Just a warning here, I had 2 Stilettos (Ace combo, Deuce head) and returned both of them because I couldn't make them sound good. Very punch and harsh, thru multiple cabinets. Never could get the EQ'ing to sound anything like a Marshall. Even bought a 10-band MXR Equalizer just to try and get it to sound 'right', with no luck. Man, I hated those Stilettos.....I love amps and have been through tons of them, these 2 stand out as the worst I have owned. One man's opinion obviously and YMMV. And they sure as hell didn't sound like my Orange Rockerverb 50 head I had, which is my single biggest gear selling regret.

I have had other Mesa's that I did like, this is not a blanket denouncement of Mesa-Boogie just the Stiletto model. I've wanted to try an ElectroDyne (sp?) and a LoneStar for a while, though I've slowed down the gear swap train the last year or so.

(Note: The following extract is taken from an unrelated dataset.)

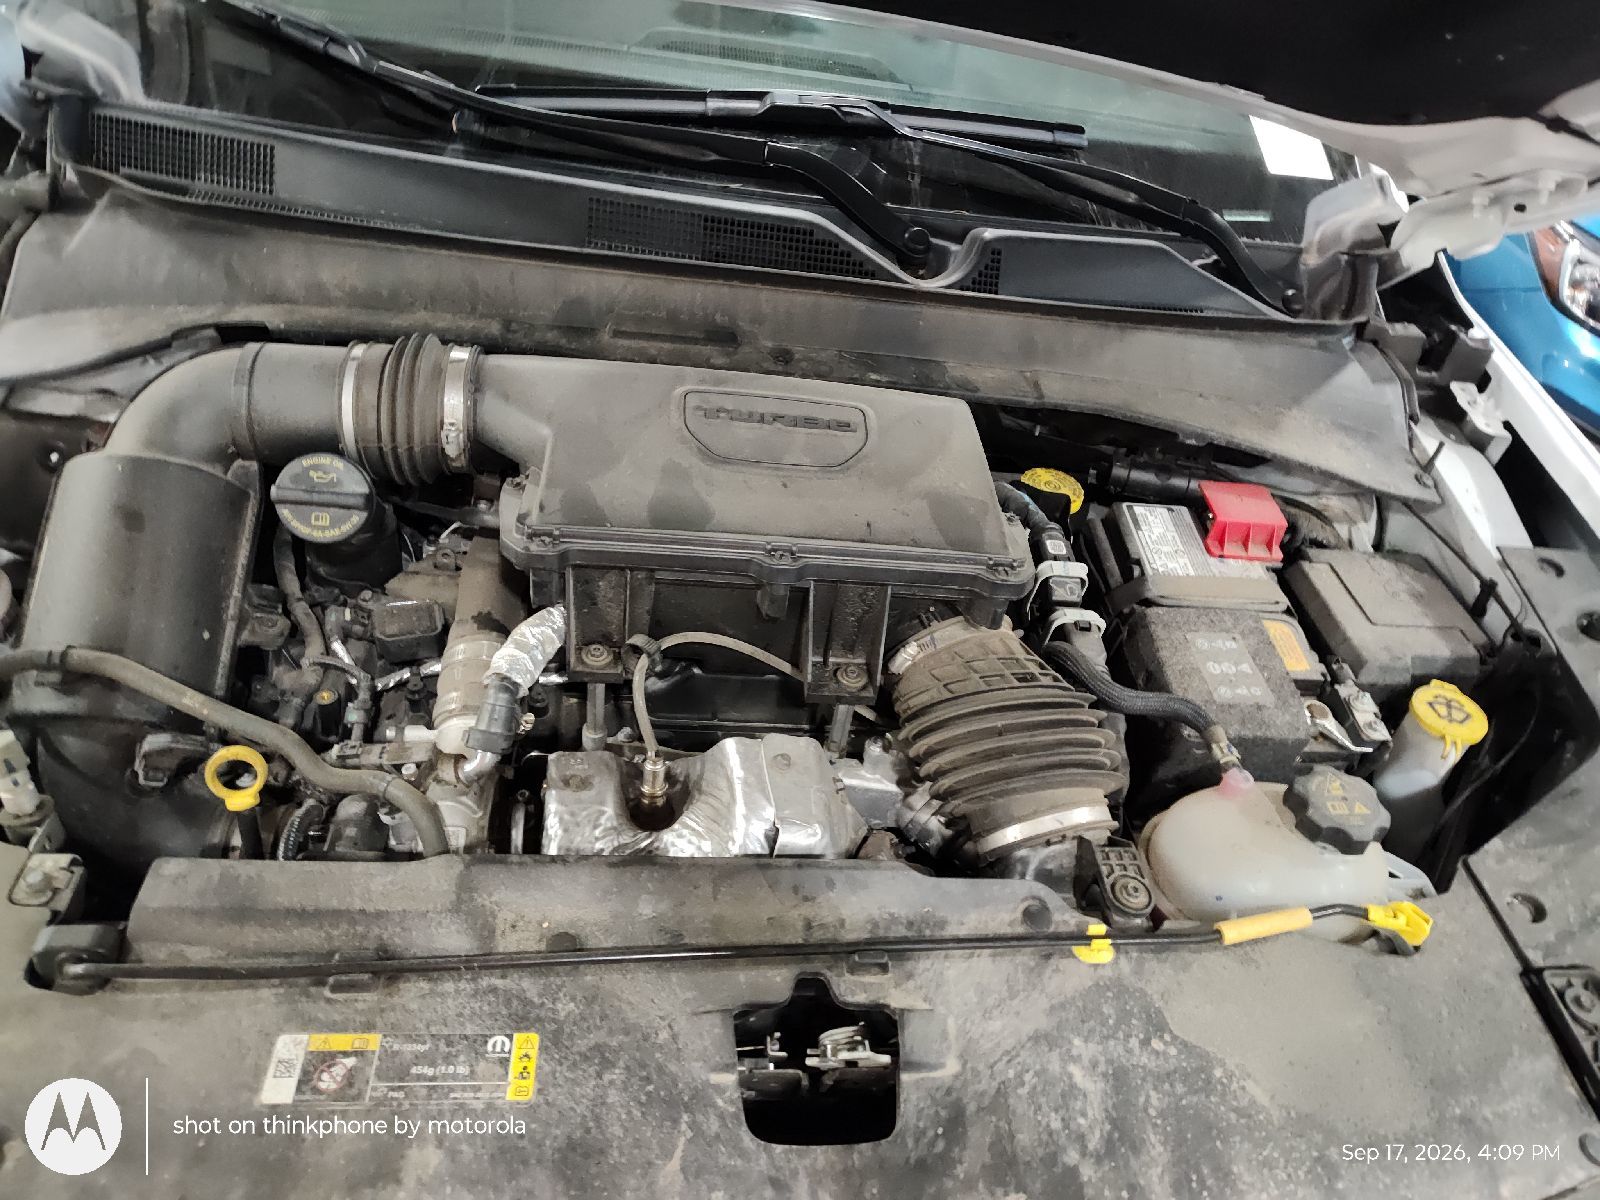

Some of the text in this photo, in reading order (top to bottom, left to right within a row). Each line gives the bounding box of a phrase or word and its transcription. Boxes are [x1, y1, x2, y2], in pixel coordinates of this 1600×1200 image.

[302, 457, 331, 467] ENGINE
[410, 1065, 435, 1076] 454g
[436, 1065, 454, 1075] (1.0

To Ti-Ron, lots of good product out there that will do what you want. We (my kids play) have owned a Marshall JVM 410H since they were a brand new model and love it still. Great cleans, then up to sorta JCM800 territory, then modded higher gain 800, then on up to modern metal levels of gain. If you want to run a halfstack, I'd sure give this a listen. I (spam warning) also have an Engl in the emporium that would fill the bill (spam ends).


----------



## screamingdaisy (Oct 14, 2008)

Ti-Ron said:


> I'll list some band that I have as influence:
> Nirvana, Metallica (old days glory only), Earthless, Sleep, Witch, Meat Muppets, Foo Fighters, Black Keys, Jimi Hendrix, Refused, Soulfly, Green Day (before all the policitc stuf), Primus, Two Gallants, RVIVR, Silverchair (early days) there's many french bands I won't list but in the of nirvana, offspring, nofx. A small list of what I love.


For that, I'd start with a Recto. Some of those bands are known for using Marks (Metallica, NoFX, Offspring... and even Nirvana in an odd sort of way), so if those are higher on your influence list maybe look in that direction, but most of them also used Rectos at various points in time.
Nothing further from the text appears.